Chinese Premier Li Keqiang claps hands as he delivers his speech during the opening session of the National People's Congress (NPC) at the Great Hall of the People in Beijing, China March 5, 2018. REUTERS/Damir Sagolj Chinese Premier Li Keqiang claps hands as he delivers his speech during the opening session of the National People's Congress (NPC) at the Great Hall of the People in Beijing, China March 5, 2018. REUTERS/Damir Sagolj

China keeps growth target at 6.5 percent, stays focused on financial risks

Mon, Mar. 5, 2018
BEIJING - 5 Maech 2018: China aims to expand its economy by around 6.5 percent this year, the same as in 2017, while pressing ahead with its campaign to reduce risks in the financial system, Premier Li Keqiang said Monday.

The goal was kept unchanged even though the economy grew 6.9 percent last year and exceeded the government’s target. Sources previously told Reuters that China will maintain its growth target at“around 6.5 percent”.

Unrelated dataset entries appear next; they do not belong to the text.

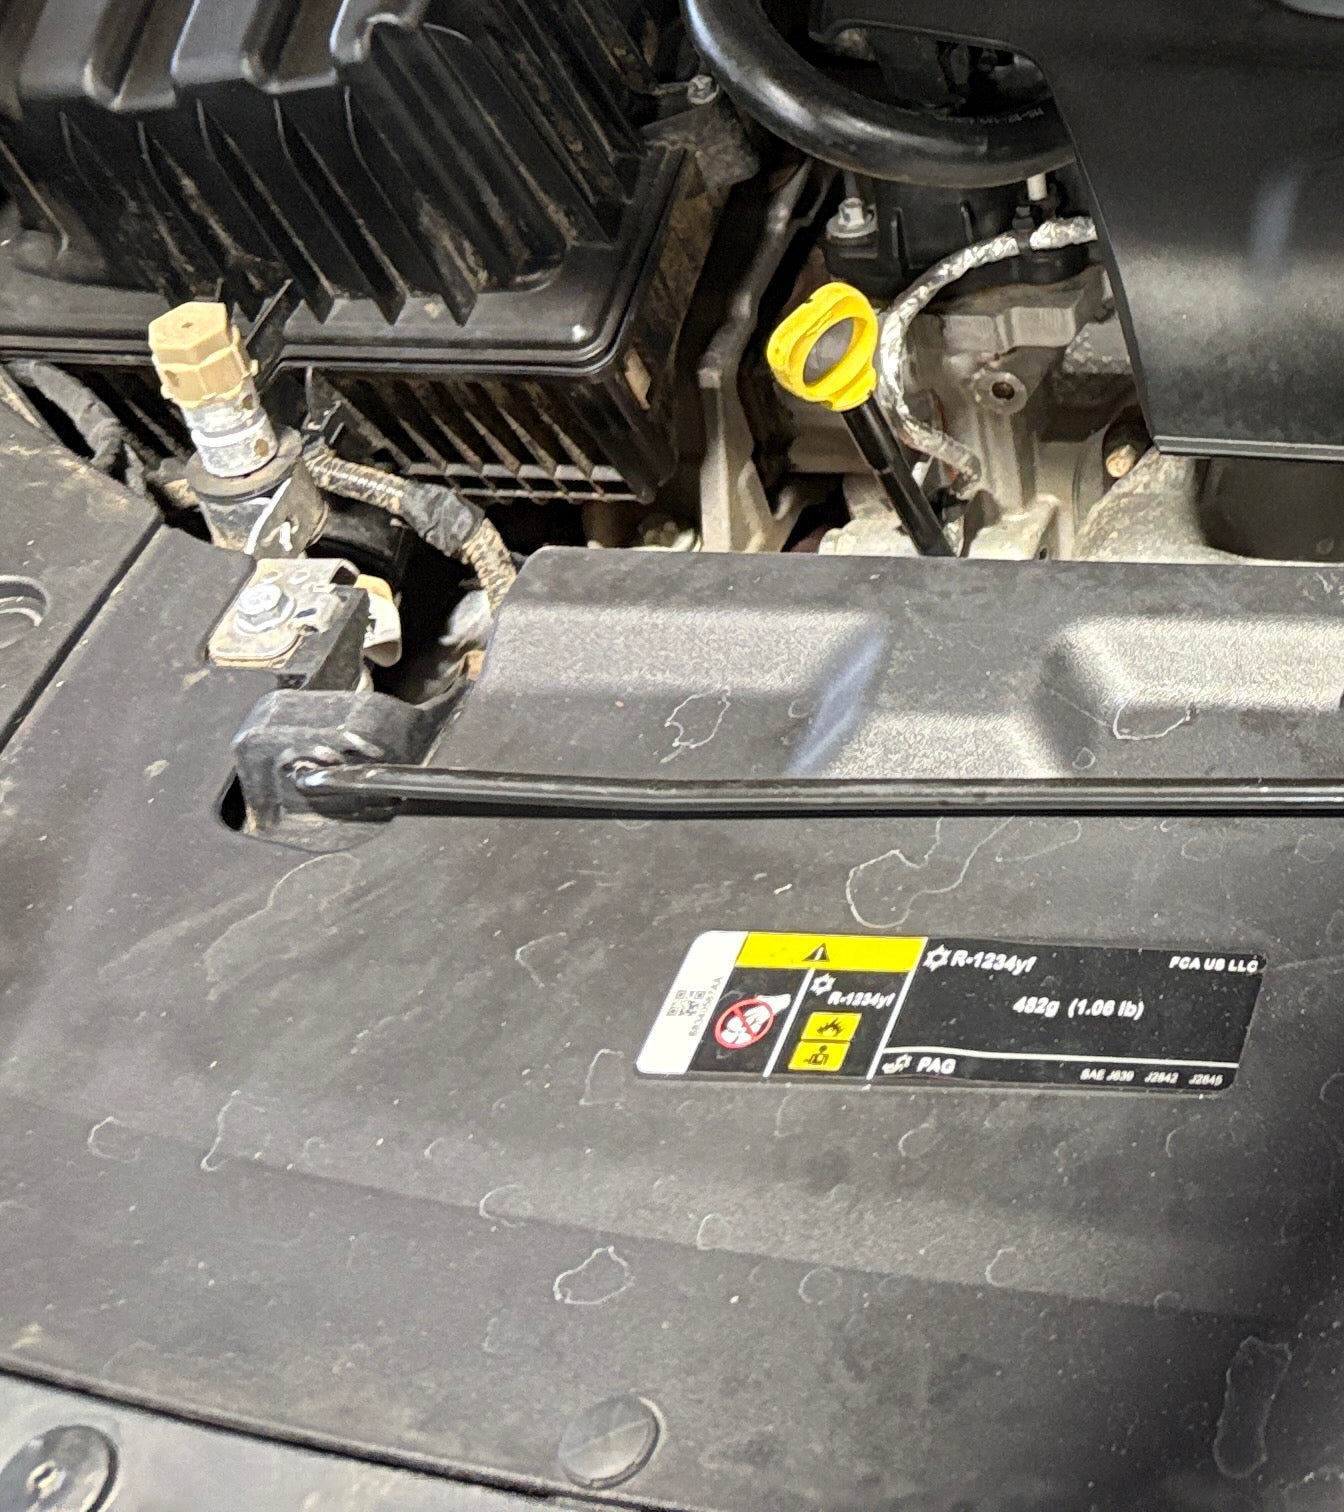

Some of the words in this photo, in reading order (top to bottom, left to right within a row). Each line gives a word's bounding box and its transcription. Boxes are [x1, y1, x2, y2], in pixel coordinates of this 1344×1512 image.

[1169, 956, 1201, 970] FCA
[1203, 958, 1226, 971] US
[1228, 959, 1259, 974] LLC
[1117, 999, 1144, 1021] lb)
[917, 1056, 957, 1075] PAG

Economists had already expected the world’s second-largest economy to lose some momentum this year as the government deepens its push to contain a build-up in corporate debt, while a war on pollution and a cooling property market weigh on its manufacturers.

Reinforcing views that Beijing’s attention remains firmly fixed on credit risks and better quality growth, when Li unveiled the GDP target he omitted previous wording saying growth could be“higher if possible.”

In his annual work report, Li also said China has cut its budget deficit target for the first time since 2012, suggesting Beijing will be more watchful of fiscal spending while not tapping the brakes so hard that it risks a sharper slowdown.

“Policy wise, the report definitely has a tightening bias,” said Betty Wang, senior China economist at ANZ in Hong Kong.“In line with expectations, the government is pushing through their reform agenda.”

But last week’s escalation in trade tensions with the United States has jumped to the top of the list of uncertainties facing China this year.

President Donald Trump said he would impose hefty tariffs on imported steel and aluminum to protect U.S. producers, risking retaliation from major trade partners like China and sparking fears of a global trade war.

Li said China opposes protectionism and supports the settlement of trade disputes through negotiation, but will“resolutely safeguard” its legitimate rights and interest.